Phrase grounding data:
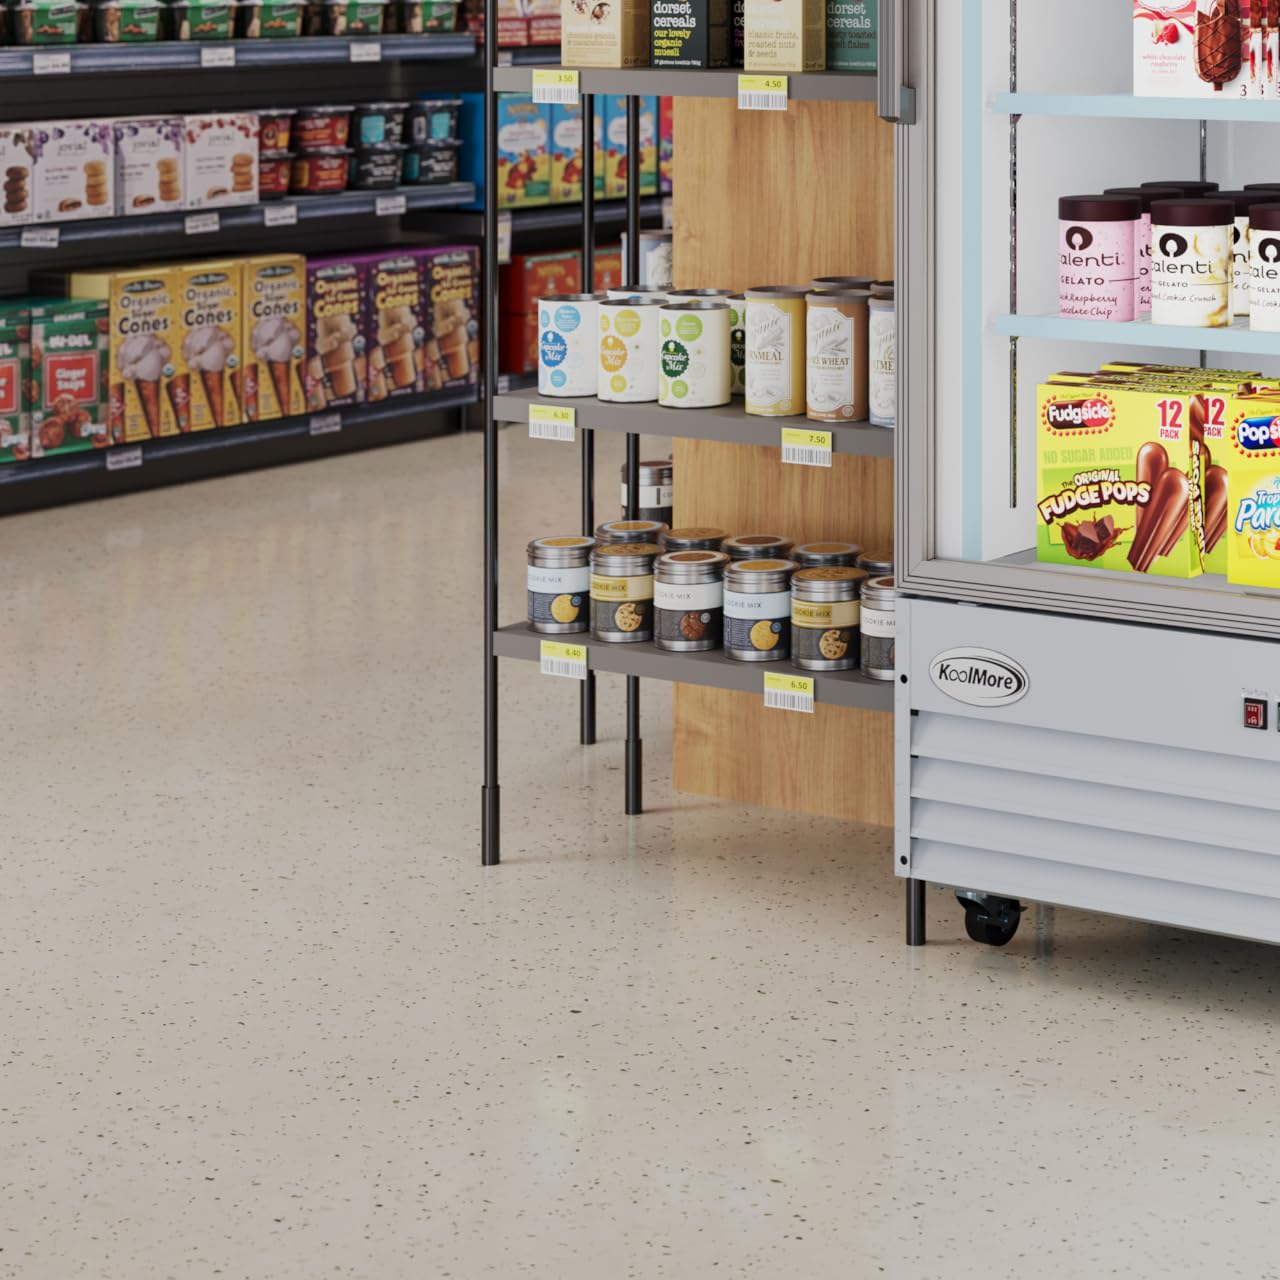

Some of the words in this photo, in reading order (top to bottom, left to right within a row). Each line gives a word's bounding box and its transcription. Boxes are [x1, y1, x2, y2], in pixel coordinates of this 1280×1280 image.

[654, 1, 692, 14] dorset
[827, 2, 866, 15] dorset
[654, 16, 697, 27] cereals
[827, 16, 871, 28] cereals
[654, 30, 667, 38] our
[669, 28, 691, 39] lovely
[654, 39, 683, 48] organic
[748, 40, 777, 48] roasted
[654, 47, 680, 56] muesli
[765, 79, 783, 89] 4.50
[1240, 84, 1247, 96] 3
[1061, 276, 1105, 286] GELATO
[252, 300, 298, 317] Cones
[1090, 307, 1113, 319] Chip
[184, 309, 232, 326] Cones
[119, 317, 168, 334] Cones
[750, 351, 785, 361] NMEAL
[823, 357, 850, 366] WHEAT
[1048, 402, 1110, 424] Fudgsicle
[1157, 399, 1183, 429] 12
[1203, 398, 1226, 426] 12
[1160, 429, 1180, 439] PACK
[1203, 426, 1223, 437] PACK
[809, 435, 826, 445] 7.50
[1044, 450, 1058, 464] NO
[1061, 448, 1096, 463] SUGAR
[1100, 447, 1134, 461] ADDED
[1073, 469, 1120, 487] ORIGINAL
[1038, 483, 1101, 523] FUDGE
[1101, 482, 1152, 505] POPS
[549, 576, 562, 584] MIX
[612, 584, 627, 592] MIX
[677, 592, 692, 600] MIX
[747, 601, 762, 609] MIX
[815, 609, 831, 618] MIX
[886, 619, 896, 627] MI
[938, 663, 1014, 691] KoolMore
[791, 680, 808, 690] 6.50

__Work required__. What you return must match the records exactly, apart from the images, which are omitted.

__Response for this exercise__.
Some of the words in this photo, in reading order (top to bottom, left to right within a row). Each line gives a word's bounding box and its transcription. Boxes are [x1, y1, x2, y2], in pixel coordinates of this 1280×1280 image.

[654, 1, 692, 14] dorset
[827, 2, 866, 15] dorset
[654, 16, 697, 27] cereals
[827, 16, 871, 28] cereals
[654, 30, 667, 38] our
[669, 28, 691, 39] lovely
[654, 39, 683, 48] organic
[748, 40, 777, 48] roasted
[654, 47, 680, 56] muesli
[765, 79, 783, 89] 4.50
[1240, 84, 1247, 96] 3
[1061, 276, 1105, 286] GELATO
[252, 300, 298, 317] Cones
[1090, 307, 1113, 319] Chip
[184, 309, 232, 326] Cones
[119, 317, 168, 334] Cones
[750, 351, 785, 361] NMEAL
[823, 357, 850, 366] WHEAT
[1048, 402, 1110, 424] Fudgsicle
[1157, 399, 1183, 429] 12
[1203, 398, 1226, 426] 12
[1160, 429, 1180, 439] PACK
[1203, 426, 1223, 437] PACK
[809, 435, 826, 445] 7.50
[1044, 450, 1058, 464] NO
[1061, 448, 1096, 463] SUGAR
[1100, 447, 1134, 461] ADDED
[1073, 469, 1120, 487] ORIGINAL
[1038, 483, 1101, 523] FUDGE
[1101, 482, 1152, 505] POPS
[549, 576, 562, 584] MIX
[612, 584, 627, 592] MIX
[677, 592, 692, 600] MIX
[747, 601, 762, 609] MIX
[815, 609, 831, 618] MIX
[886, 619, 896, 627] MI
[938, 663, 1014, 691] KoolMore
[791, 680, 808, 690] 6.50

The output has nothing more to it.